▶ [REQUIRED WORK]:
Write out the full listing exactly as given, minus the images.

:: EXCERPTED RECORDS ::

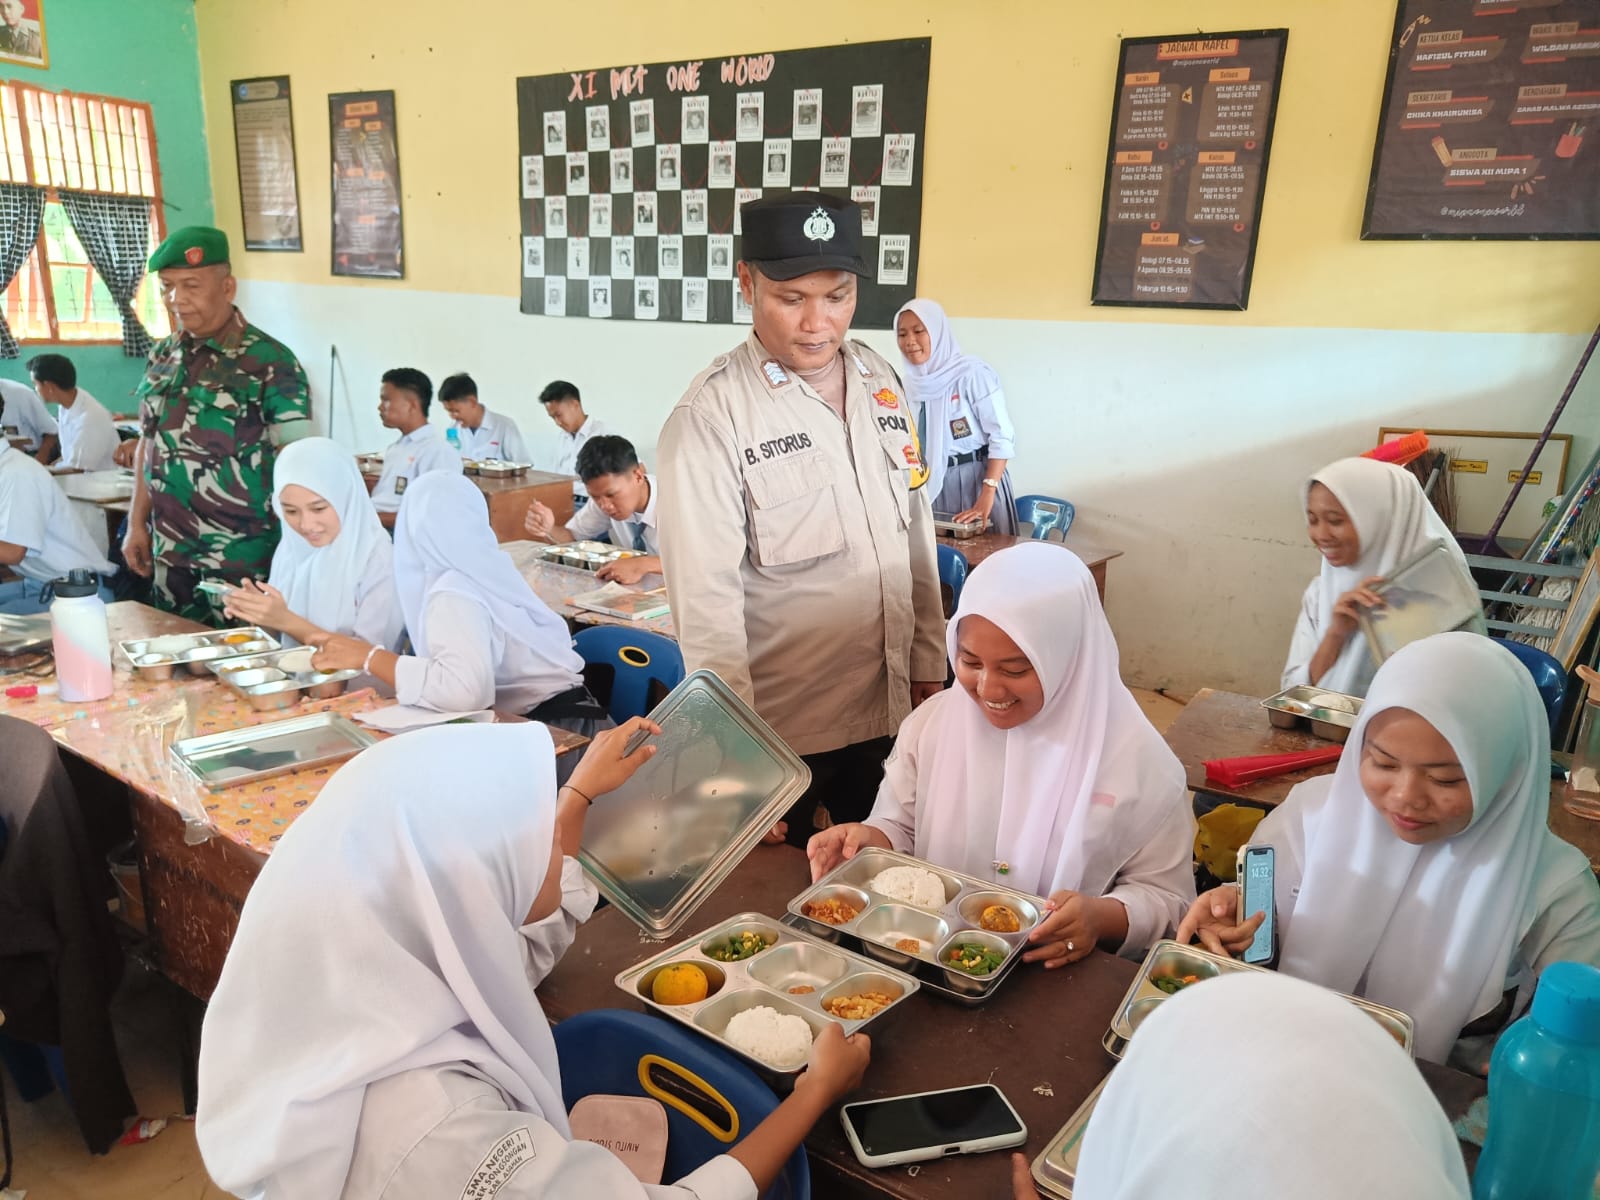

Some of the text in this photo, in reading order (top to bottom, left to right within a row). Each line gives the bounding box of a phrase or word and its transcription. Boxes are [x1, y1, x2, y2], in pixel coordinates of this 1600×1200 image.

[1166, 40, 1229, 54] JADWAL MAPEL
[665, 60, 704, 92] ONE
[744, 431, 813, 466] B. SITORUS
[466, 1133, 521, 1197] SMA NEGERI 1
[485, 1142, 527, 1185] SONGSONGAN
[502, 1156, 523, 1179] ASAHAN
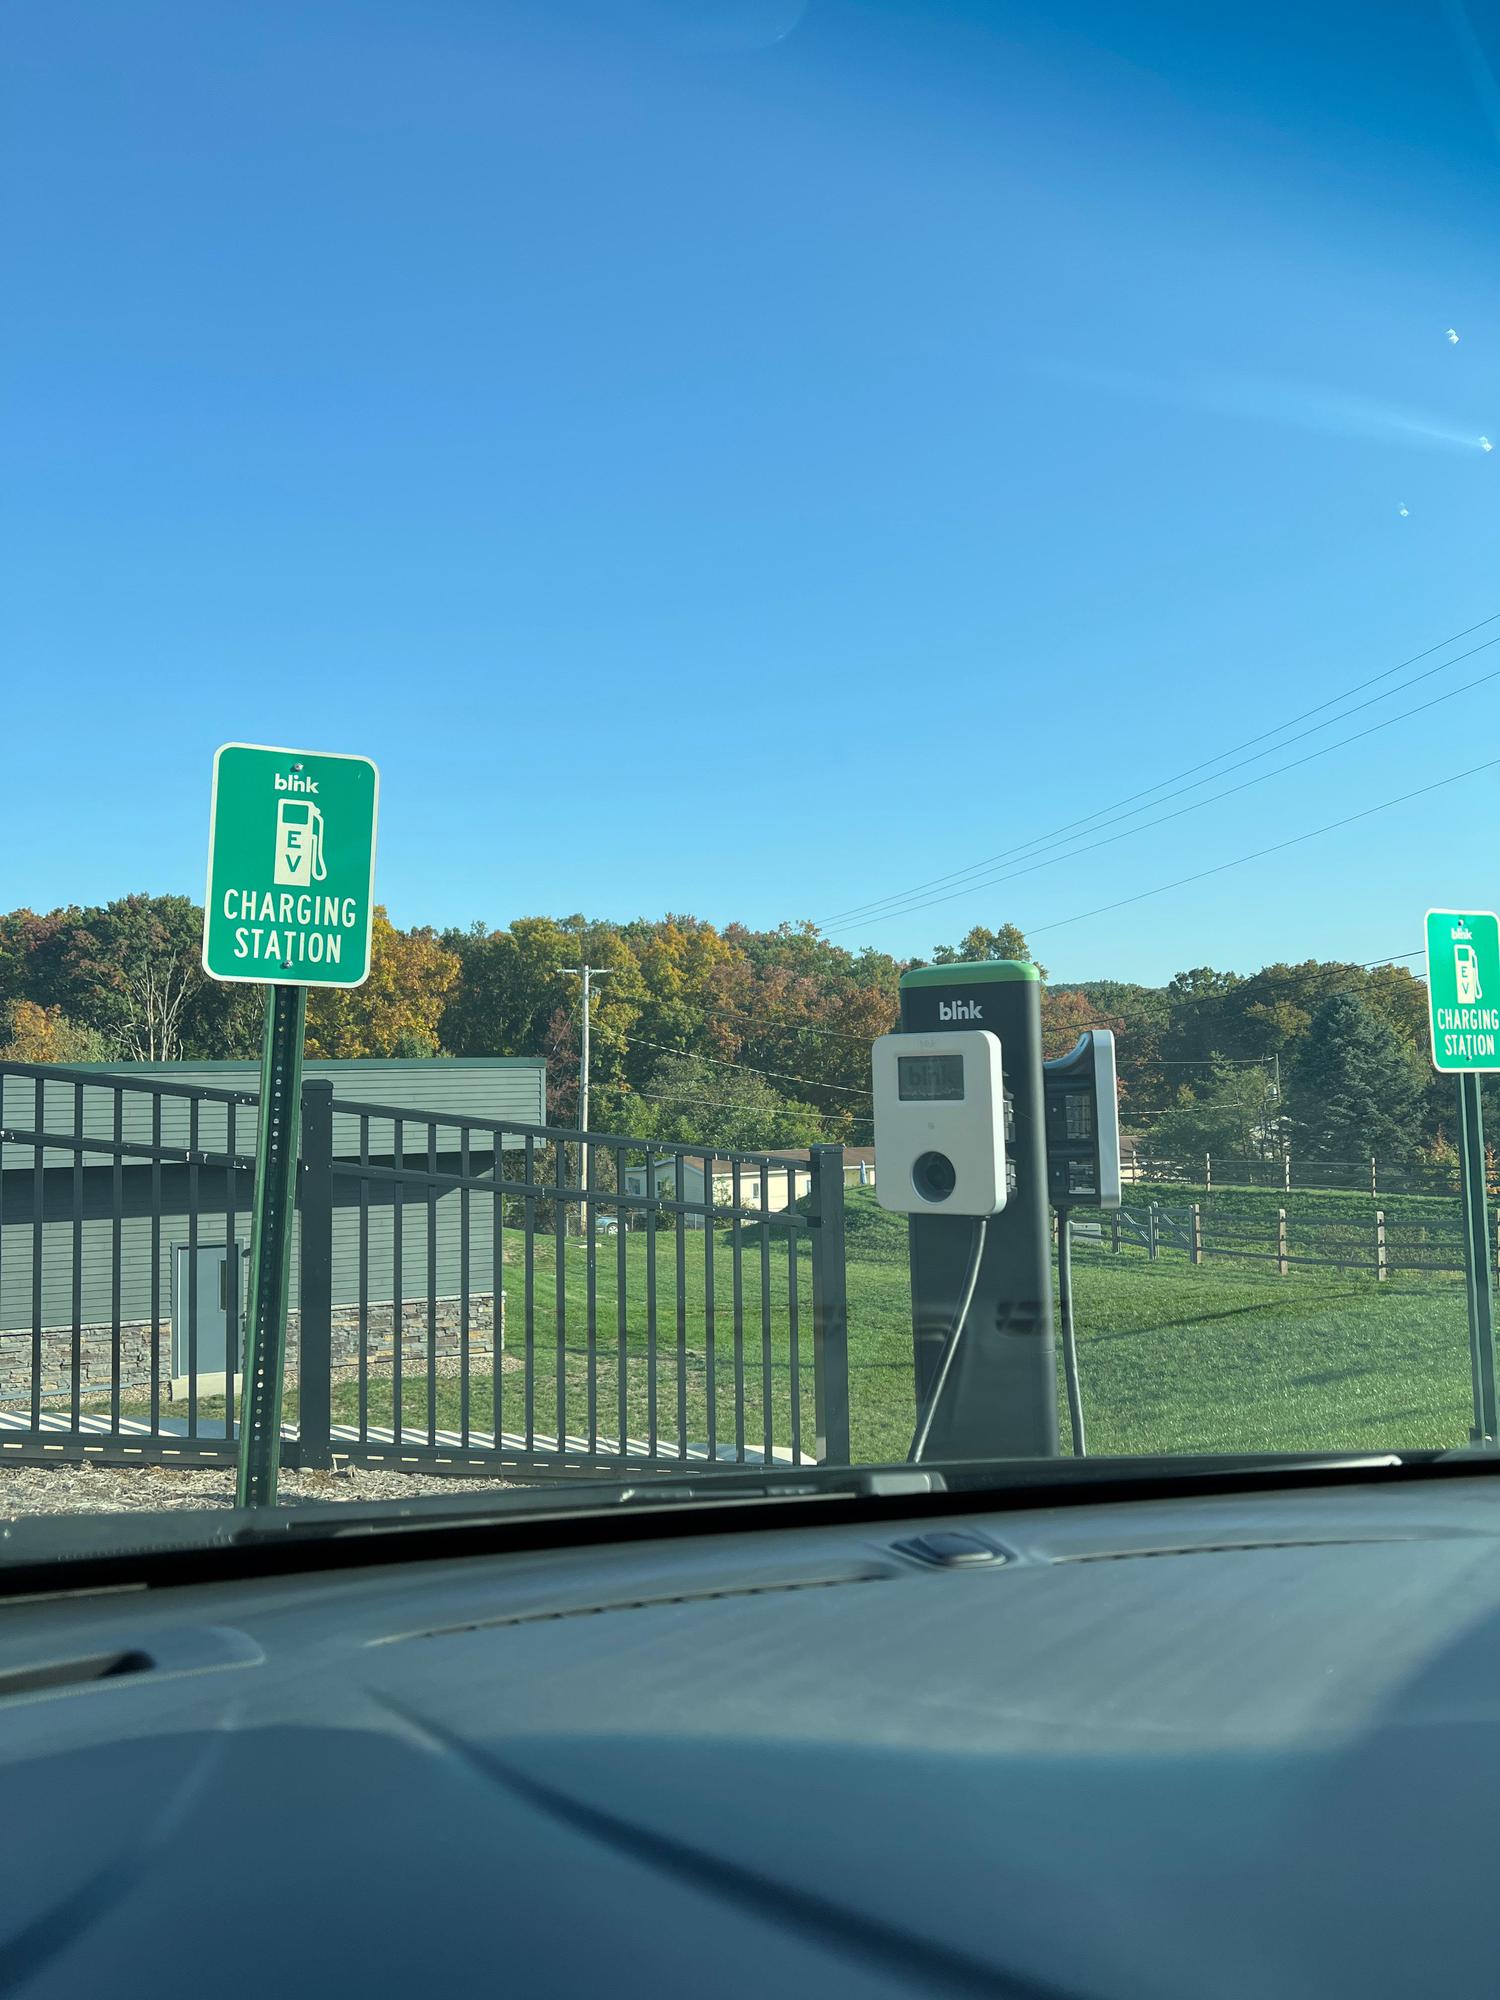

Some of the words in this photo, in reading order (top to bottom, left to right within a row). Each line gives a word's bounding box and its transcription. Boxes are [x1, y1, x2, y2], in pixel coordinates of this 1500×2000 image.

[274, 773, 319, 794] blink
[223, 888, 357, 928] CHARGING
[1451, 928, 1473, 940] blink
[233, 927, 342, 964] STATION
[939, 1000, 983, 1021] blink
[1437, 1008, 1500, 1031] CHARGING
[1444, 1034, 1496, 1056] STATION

:::

▶ [OUTPUT FOR THIS TASK]:
Some of the text in this photo, in reading order (top to bottom, left to right within a row). Each line gives the bounding box of a phrase or word and its transcription. Boxes are [x1, y1, x2, y2], in pixel coordinates of this 1600×1200 image.

[1166, 40, 1229, 54] JADWAL MAPEL
[665, 60, 704, 92] ONE
[744, 431, 813, 466] B. SITORUS
[466, 1133, 521, 1197] SMA NEGERI 1
[485, 1142, 527, 1185] SONGSONGAN
[502, 1156, 523, 1179] ASAHAN

Some of the words in this photo, in reading order (top to bottom, left to right within a row). Each line gives a word's bounding box and its transcription. Boxes are [x1, y1, x2, y2], in pixel coordinates of this 1500×2000 image.

[274, 773, 319, 794] blink
[223, 888, 357, 928] CHARGING
[1451, 928, 1473, 940] blink
[233, 927, 342, 964] STATION
[939, 1000, 983, 1021] blink
[1437, 1008, 1500, 1031] CHARGING
[1444, 1034, 1496, 1056] STATION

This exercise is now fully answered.